Over the past week, New York Times columnist Bob Herbert has 
written three articles about Gary Tyler, a 15-year-old African 
American teenager in Louisiana who was sentenced to death in 
1975 and has remained in prison for more than thirty-two years 
-- with no end in sight -- for a crime he did not commit. 

This case is symbolizes both continuing backlash against the 
Civil Rights movement of the 1960s and 70s, and the 
fundamental racism of the criminal justice system today.*

PLEASE DEMAND JUSTICE FOR GARY TYLER BY SIGNING 
-- AND ASKING EVERYONE YOU KNOW TO SIGN -- THE PETITION AT: 
http://www.freegarytyler.com/petition.php

To help organize on Gary's behalf, please reply to this message.

*Herbert's final article in Thursday's NYT is below. Additional
articles and information are posted at:
http://www.freegarytyler.com/writings/isr.html

--------------------

February 8, 2007
Op-Ed Columnist
'They Beat Gary So Bad'
By BOB HERBERT

ST. ROSE, La.

Juanita Tyler lives in a neat one-story house that sits behind a
glistening magnolia tree that dominates the small front lawn.

She is 74 now and unfailingly gracious, but she admits to being tired
from a lifetime of hard work and trouble. I went to see her to talk
about her son, Gary.

The Tylers are black. In 1974, when Gary was 16, he was accused of
murdering a 13-year-old white boy outside the high school that they
attended in nearby Destrehan. The boy was shot to death in the midst
of turmoil over school integration, which the local whites were
resisting violently.

The case against young Tyler - who was on a bus with other black
students that was attacked by about 200 whites - was built on bogus
evidence and coerced testimony. But that was enough to get him
convicted by an all-white jury and sentenced to die in the electric
chair. His life was spared when the Louisiana death penalty was ruled
unconstitutional, but he is serving out a life sentence with no chance
of parole in the state penitentiary at Angola.
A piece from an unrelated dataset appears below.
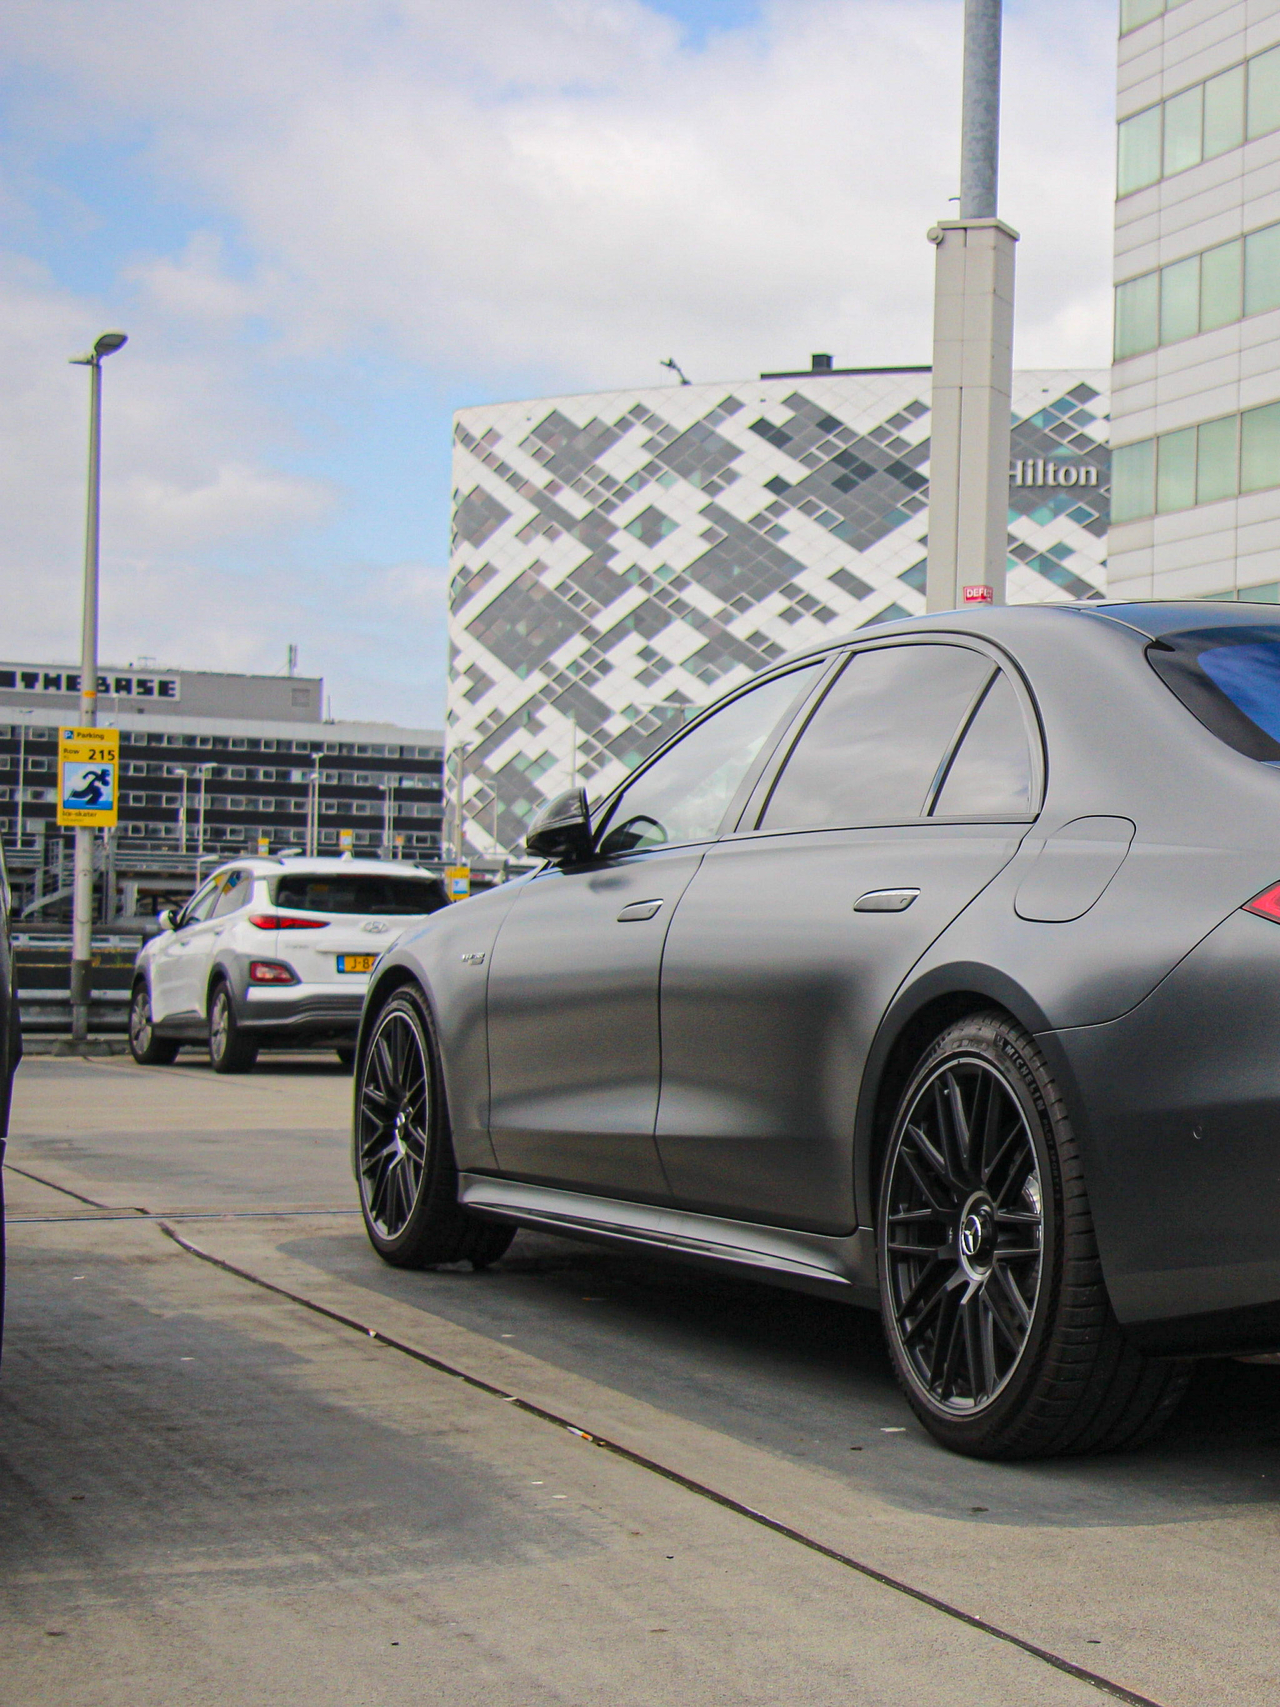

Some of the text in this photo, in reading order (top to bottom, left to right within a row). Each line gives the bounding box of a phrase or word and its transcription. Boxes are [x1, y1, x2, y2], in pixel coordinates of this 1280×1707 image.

Ms. Tyler's sharpest memory of the day Gary was arrested was of
sitting in a room at a sheriff's station, listening to deputies in the
next room savagely beating her son.

"They beat Gary so bad," she said. "My poor child. I couldn't do
nothing. They wouldn't let me in there. I saw who went in there. They
were like older men. They didn't care that I was there. They didn't
care who was there. They beat Gary something awful, and I could hear
him hollering and moaning. All I could say was, 'Oh Jesus, have mercy.'

"One of the deputies had a strap and they whipped him with that. It
was terrible. Finally, when they let me go in there, Gary was just
trembling. He was frightened to death. He was trembling and rocking
back and forth. They had kicked him all in his privates. He said,
'Mama, they kicked me. One kicked me in the front and one kicked in
the back.' He said that over and over.

"I couldn't believe what they had done to my baby."

The deputies had tried to get Gary to confess, but he wouldn't. Ms.
Tyler (like so many people who have looked closely at this case) was
scornful of the evidence the authorities came up with.

"It was ridiculous," she said. "Where was he gonna get that big ol'
police gun they said he used? It was a great big ol' gun. And he had
on those tight-fitting clothes and nobody saw it?"

The gun that investigators produced as the murder weapon was indeed a
large, heavy weapon - a government-issued Colt .45 that had been
stolen from a firing range used by the sheriff's department. Deputies
who saw Gary before the shooting and those who searched him (and the
rest of the black students on the bus) immediately afterward did not
see any gun.

"I don't know where the police got that gun from," said Ms. Tyler.
"But they didn't get it from my son, that's for sure."

Ms. Tyler worked for many years as a domestic while raising 11
children. Her husband, Uylos, a maintenance worker who often held
three jobs at a time, died in 1989. "He had a bad heart," Ms. Tyler said.

She shifted in her chair in the living room of the small house, and
was quiet for several minutes. Then she asked, "Do you know what it's
like to lose a child?"

I shook my head.

"I always felt sorry for that woman whose son was killed," she said.
"That was a terrible time. I remember it clear, like it was yesterday.
But what happened was wrong. The white people, they didn't want no
black children in that school. So there was a lot of tension. And my
son has paid a terrible price for that.

"They didn't have no kind of proof against him, but they beat him bad
anyway, and then they sentenced him to the electric chair."

Ms. Tyler visits Gary at Angola regularly, the last time a few weeks
ago. "He's doing well," she said. "And I'm glad that he's able to
cope. He tries to help the young ones out when they come in there. He
always tells me, 'My dear, you have to stay strong so I can stay
strong.' So then I just try to hold my head up and keep on going."

She looked for a moment as if she was going to cry, but she didn't.

"It's just sad," she said. "I wonder if he'll ever be able to come
out. I wonder will I live long enough to see him out."